Return exactly the line that contains "this 1512×1512 image." and all lines beneath it in the entries, through the very last one.

[RECORDS FOR THIS TASK]:
■ ■ ■ ■ ■ ■ ■
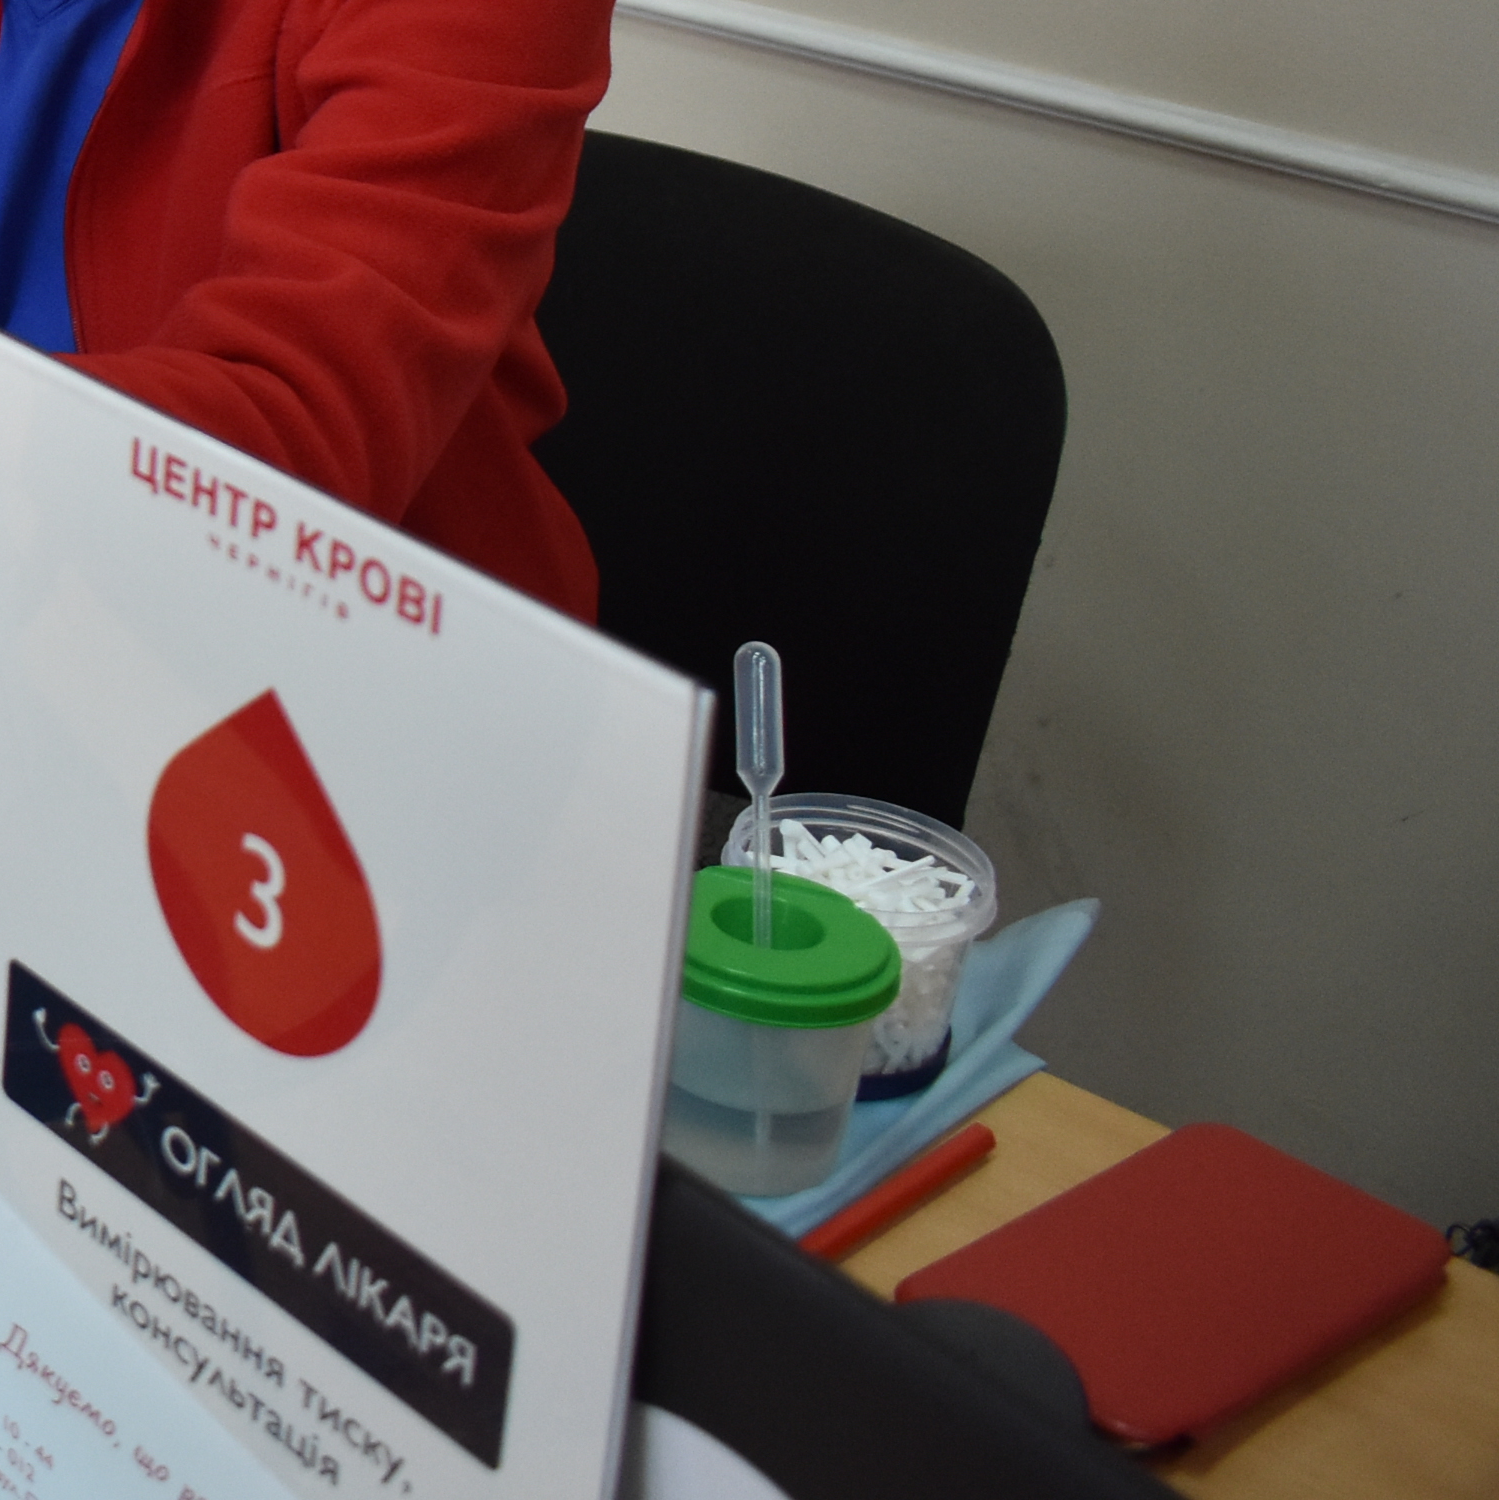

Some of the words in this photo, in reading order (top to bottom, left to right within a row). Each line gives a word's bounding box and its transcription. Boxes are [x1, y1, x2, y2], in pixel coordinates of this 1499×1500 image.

[130, 436, 278, 539] ЦЕНТР
[294, 520, 443, 636] КРОВІ
[233, 832, 287, 950] 3
[56, 1177, 285, 1388] Вимірювання
[298, 1377, 414, 1495] тиску,
[160, 1125, 305, 1268] ОГЛЯД
[313, 1241, 478, 1387] ЛІКАРЯ
[110, 1283, 341, 1487] консультація
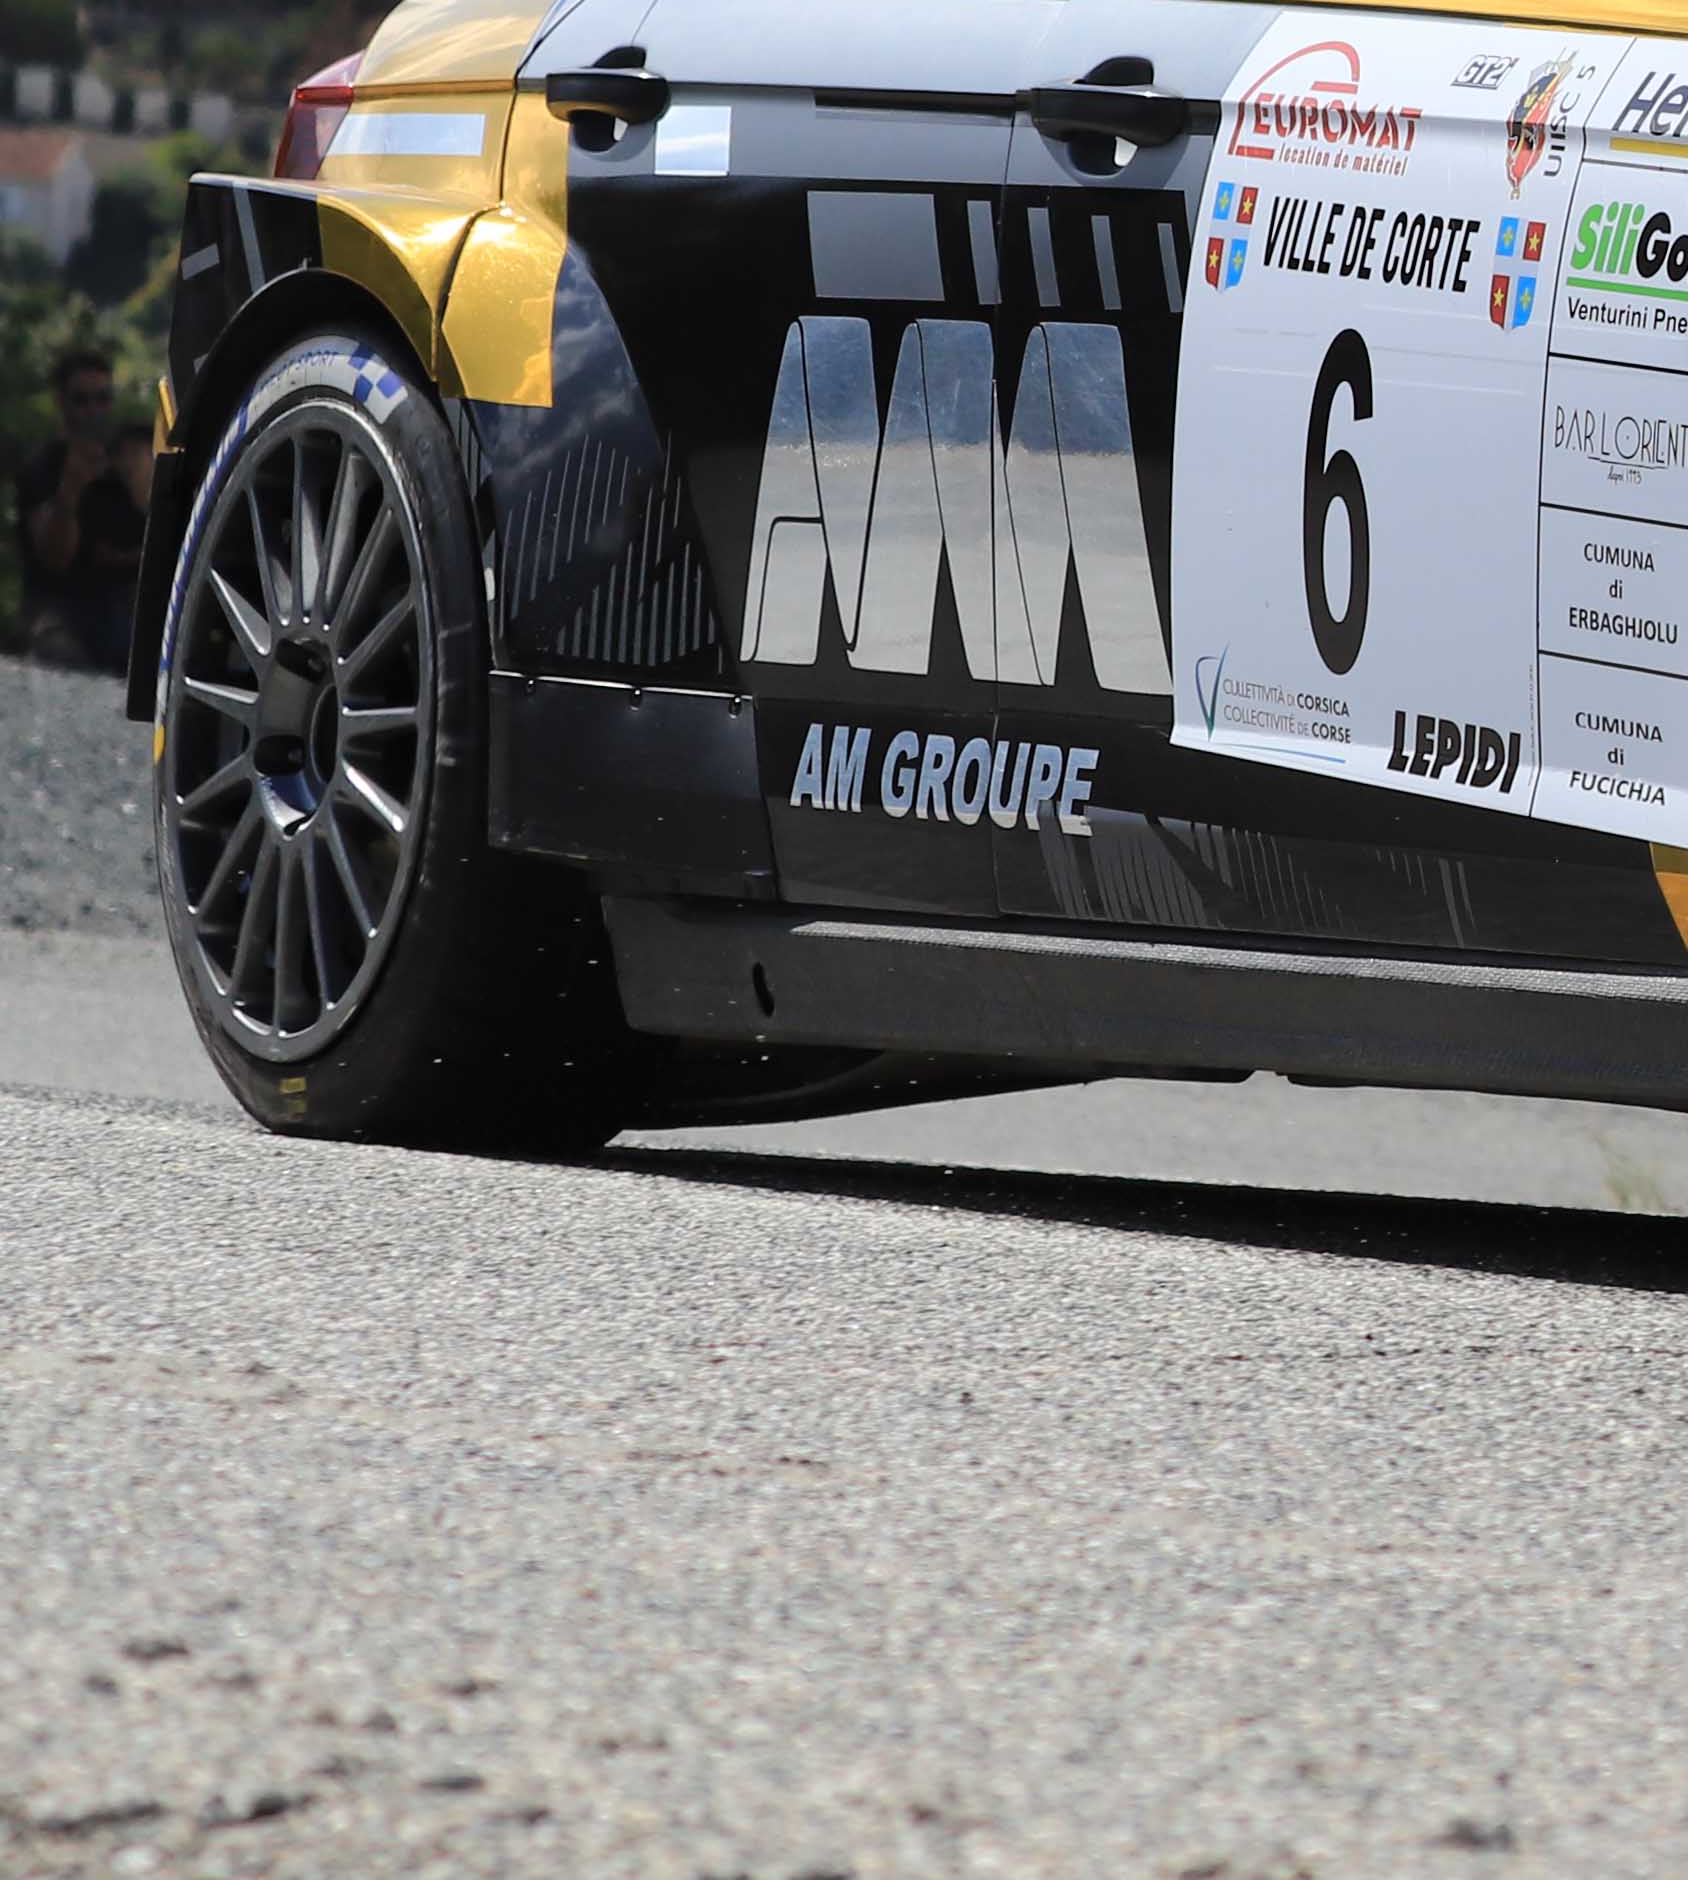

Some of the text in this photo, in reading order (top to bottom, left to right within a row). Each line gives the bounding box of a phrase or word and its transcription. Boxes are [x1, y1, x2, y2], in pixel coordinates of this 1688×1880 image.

[1253, 93, 1423, 151] EUROMAT
[1279, 143, 1409, 176] location de matériel
[1264, 196, 1481, 293] VILLE DE CORTE
[1567, 296, 1648, 329] Venturini
[1554, 405, 1596, 454] BAR
[1303, 328, 1374, 676] 6
[1584, 542, 1655, 572] CUMUNA
[1608, 579, 1623, 599] di
[1569, 606, 1678, 645] ERBAGHJOLU
[1296, 692, 1351, 718] CORSICA
[1223, 704, 1352, 744] COLLECTIVITÉ DE CORSE
[1575, 711, 1663, 743] CUMUNA
[1387, 710, 1522, 794] LEPIDI
[1607, 747, 1624, 766] di
[790, 723, 1100, 837] AM GROUPE
[1569, 770, 1666, 806] FUCICHJA
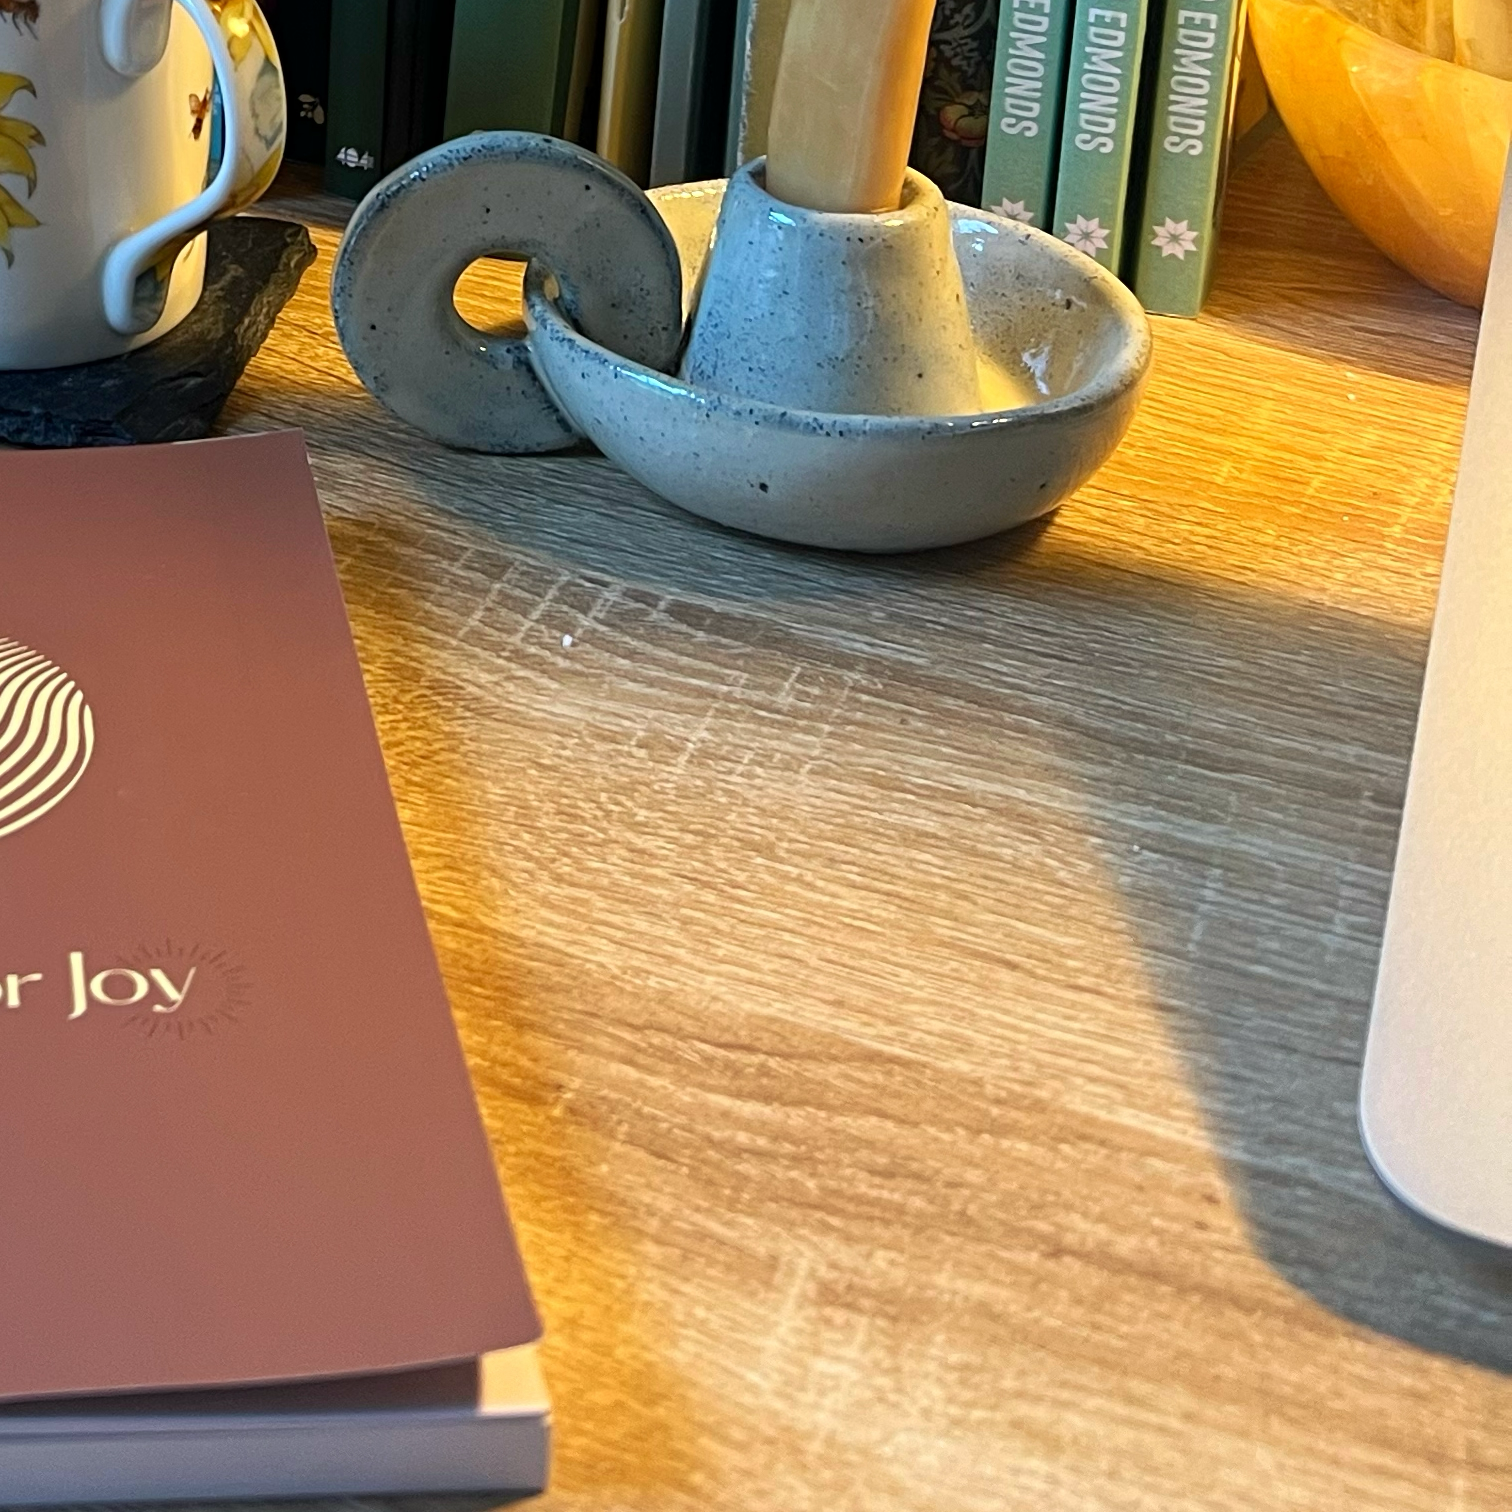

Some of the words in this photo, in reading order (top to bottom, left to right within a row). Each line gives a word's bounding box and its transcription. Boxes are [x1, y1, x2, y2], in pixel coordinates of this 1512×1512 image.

[1075, 7, 1128, 154] EDMONDS
[1163, 9, 1217, 155] EDMONDS
[66, 950, 198, 1020] Joy
■ ■ ■ ■ ■ ■ ■
[COMPLETED TASK]:
Some of the words in this photo, in reading order (top to bottom, left to right within a row). Each line gives a word's bounding box and its transcription. Boxes are [x1, y1, x2, y2], in pixel coordinates of this 1512×1512 image.

[1075, 7, 1128, 154] EDMONDS
[1163, 9, 1217, 155] EDMONDS
[66, 950, 198, 1020] Joy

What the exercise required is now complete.